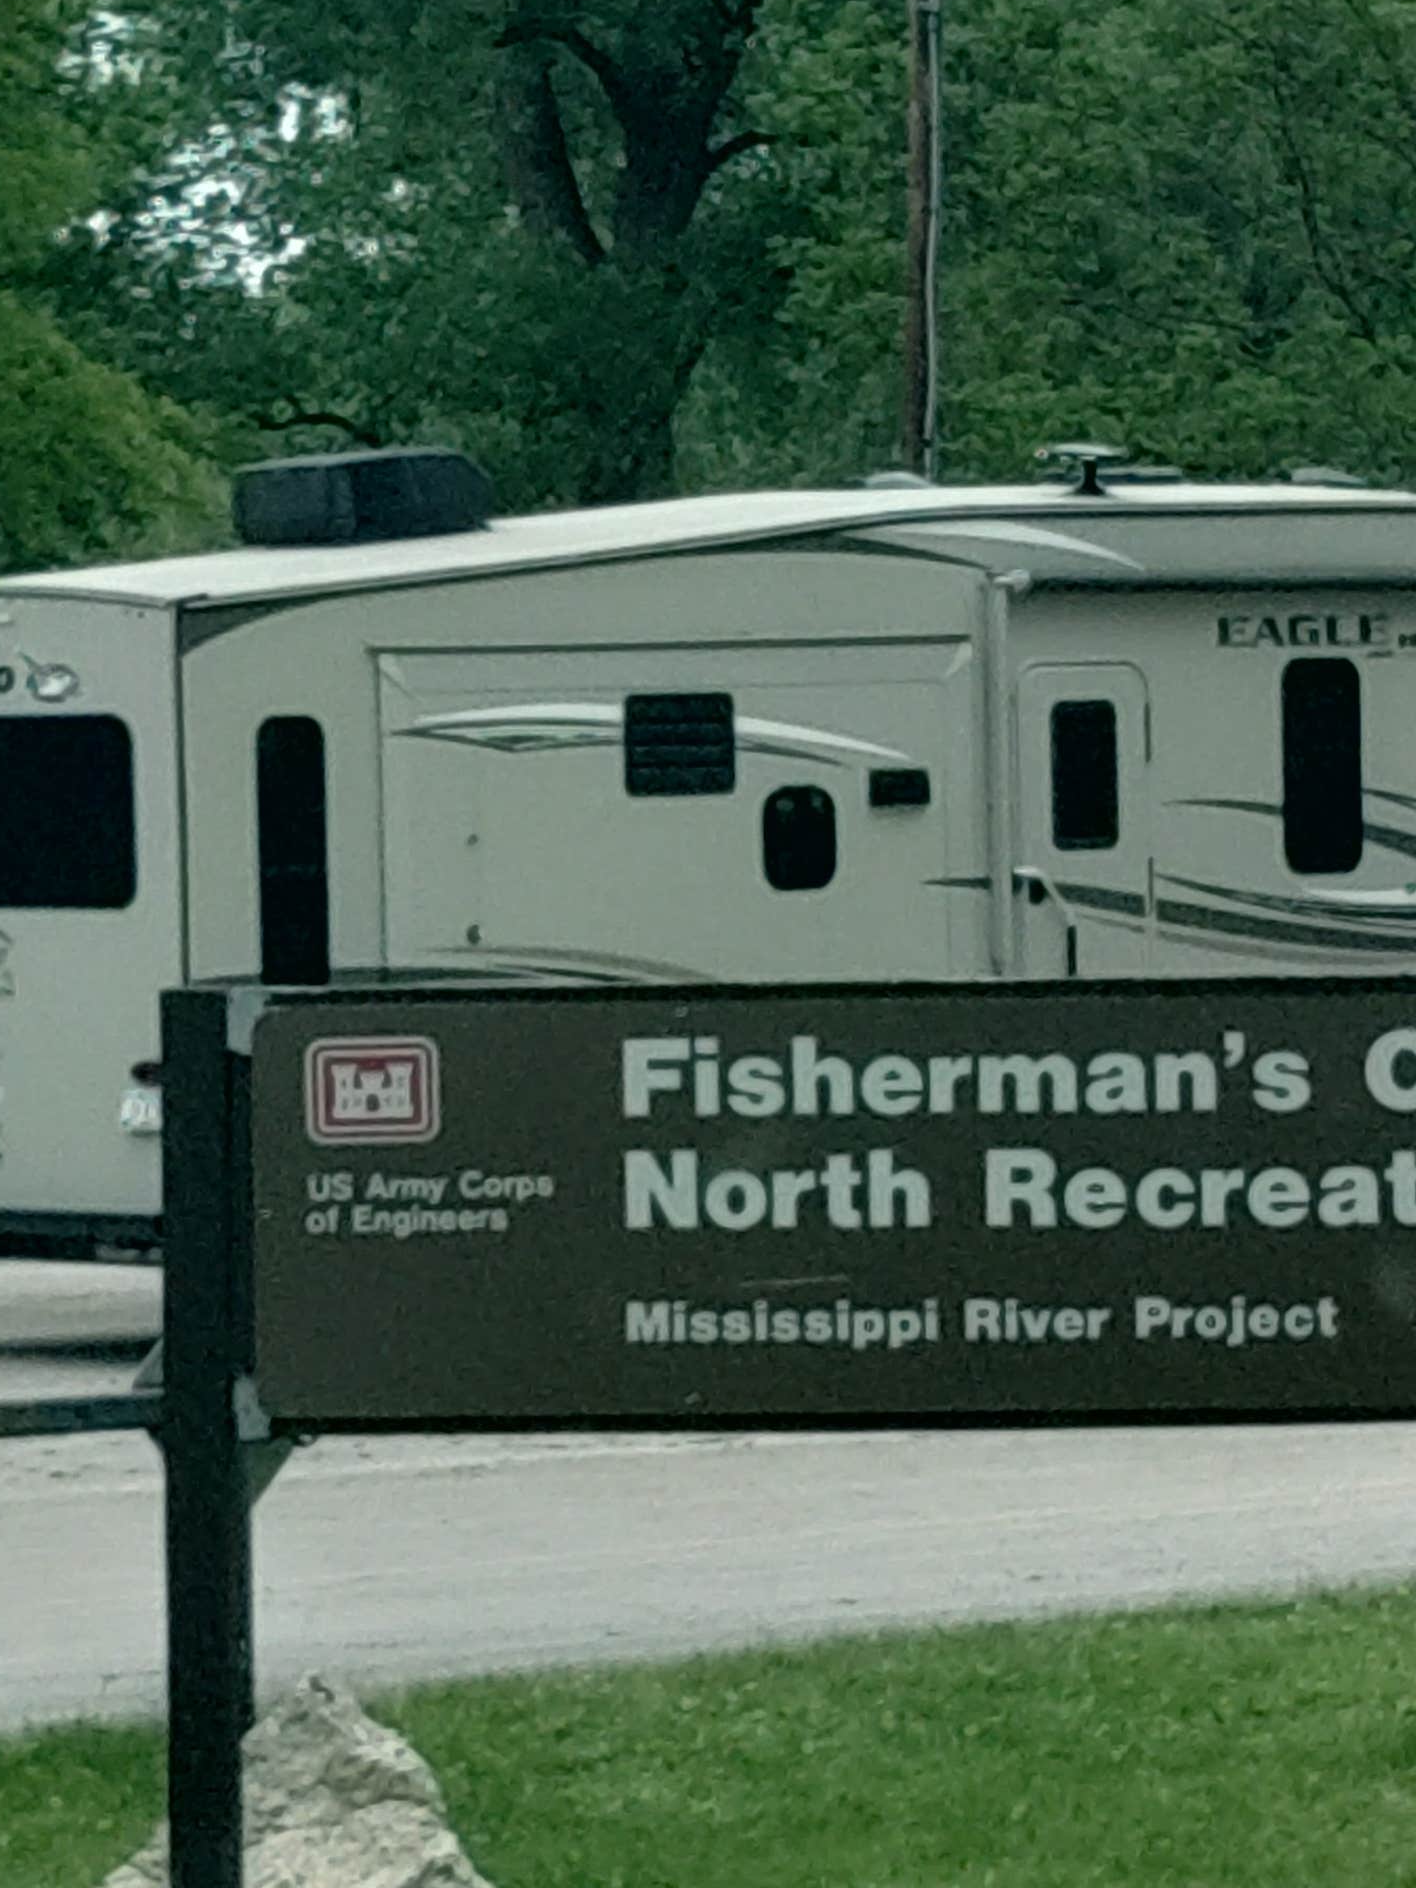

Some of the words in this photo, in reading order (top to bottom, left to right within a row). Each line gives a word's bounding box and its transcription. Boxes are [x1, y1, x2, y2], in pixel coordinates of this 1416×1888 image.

[1216, 614, 1391, 647] EAGLE
[621, 1031, 1312, 1118] Fisherman's
[306, 1172, 354, 1203] US
[364, 1171, 449, 1205] Army
[458, 1169, 555, 1203] Corps
[623, 1148, 932, 1231] North
[304, 1206, 339, 1235] of
[350, 1204, 509, 1240] Engineers
[625, 1298, 939, 1351] Mississippi
[964, 1298, 1111, 1342] River
[1134, 1295, 1339, 1348] Project

===============

**The problem:** Restate the records in full and word for word, but keep the pictures out.

**Exercise response:**
Some of the words in this photo, in reading order (top to bottom, left to right within a row). Each line gives a word's bounding box and its transcription. Boxes are [x1, y1, x2, y2], in pixel coordinates of this 1416×1888 image.

[1216, 614, 1391, 647] EAGLE
[621, 1031, 1312, 1118] Fisherman's
[306, 1172, 354, 1203] US
[364, 1171, 449, 1205] Army
[458, 1169, 555, 1203] Corps
[623, 1148, 932, 1231] North
[304, 1206, 339, 1235] of
[350, 1204, 509, 1240] Engineers
[625, 1298, 939, 1351] Mississippi
[964, 1298, 1111, 1342] River
[1134, 1295, 1339, 1348] Project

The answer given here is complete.